• **MATERIALS PROVIDED**
------------------------------

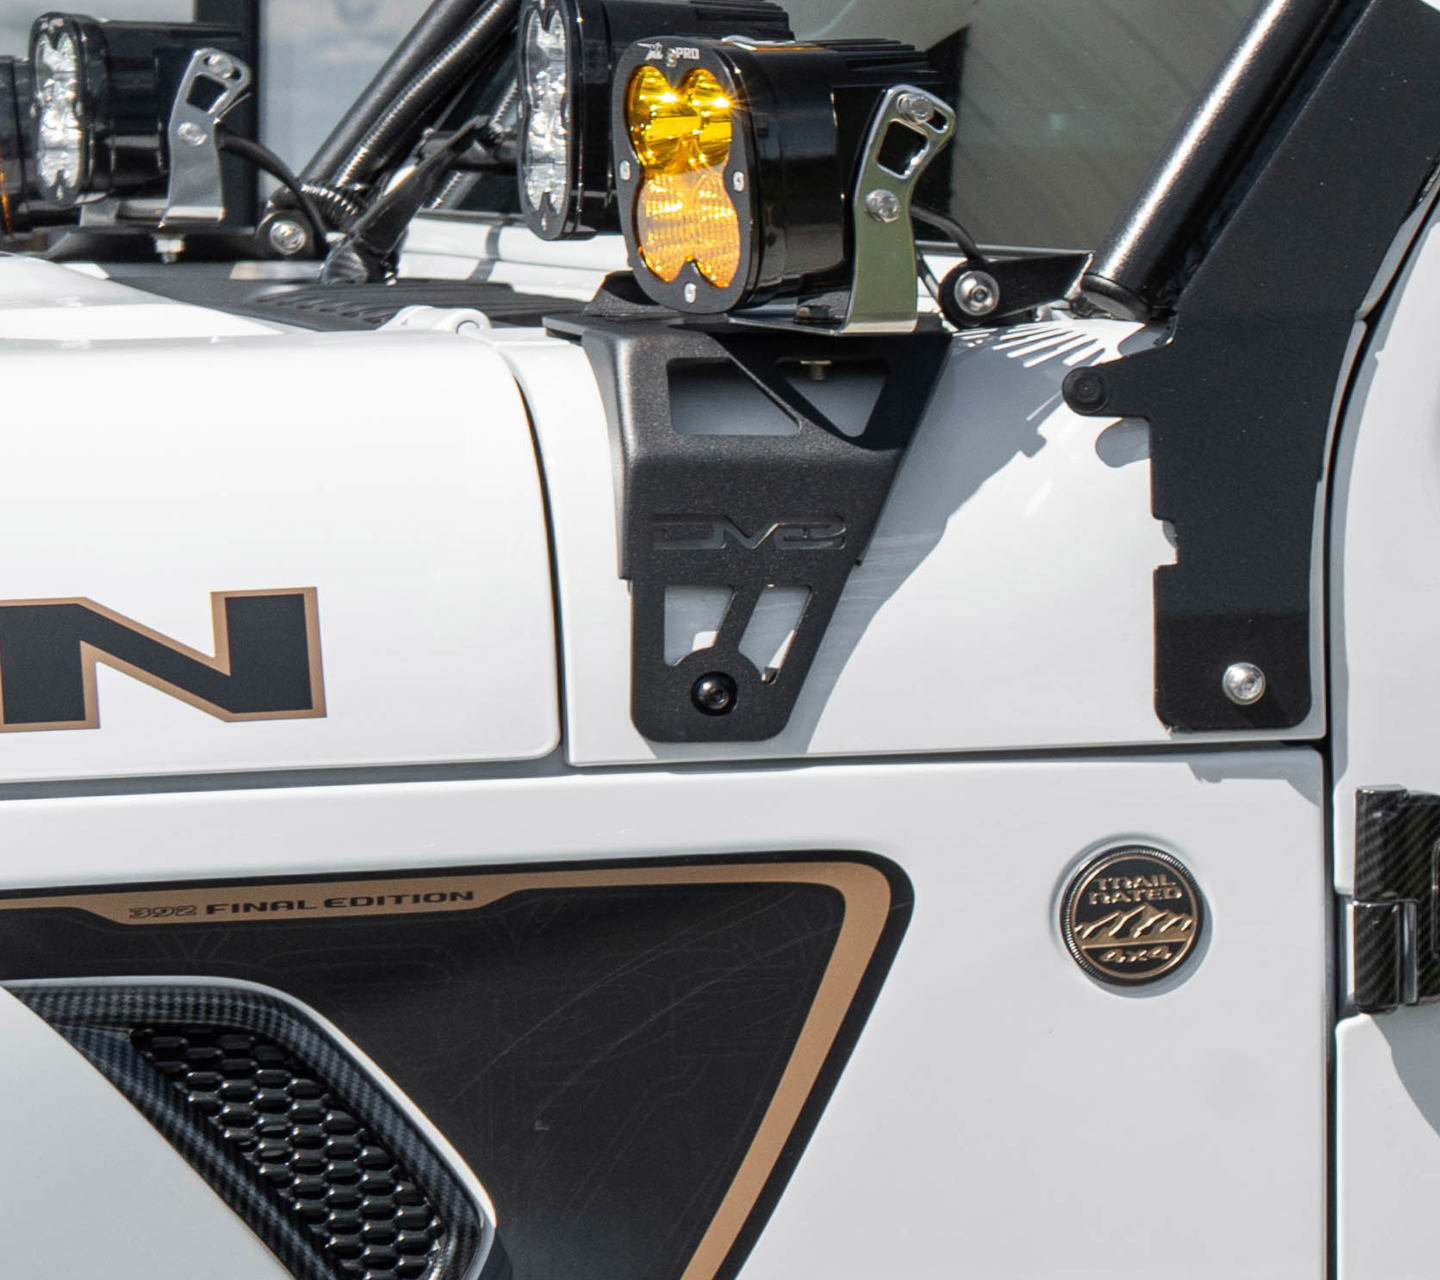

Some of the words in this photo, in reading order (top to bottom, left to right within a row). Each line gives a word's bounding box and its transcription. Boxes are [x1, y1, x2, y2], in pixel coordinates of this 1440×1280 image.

[675, 47, 700, 60] PRO
[1095, 873, 1177, 891] TRAIL
[129, 904, 198, 919] 392
[205, 899, 318, 915] FINAL
[323, 890, 475, 909] EDITION
[1088, 886, 1183, 905] RATED

------------------------------

• **TASK DIRECTIONS**
An exact copy of the entries, minus the pictures, is what to return.

• **TASK OUTPUT**
Some of the words in this photo, in reading order (top to bottom, left to right within a row). Each line gives a word's bounding box and its transcription. Boxes are [x1, y1, x2, y2], in pixel coordinates of this 1440×1280 image.

[675, 47, 700, 60] PRO
[1095, 873, 1177, 891] TRAIL
[129, 904, 198, 919] 392
[205, 899, 318, 915] FINAL
[323, 890, 475, 909] EDITION
[1088, 886, 1183, 905] RATED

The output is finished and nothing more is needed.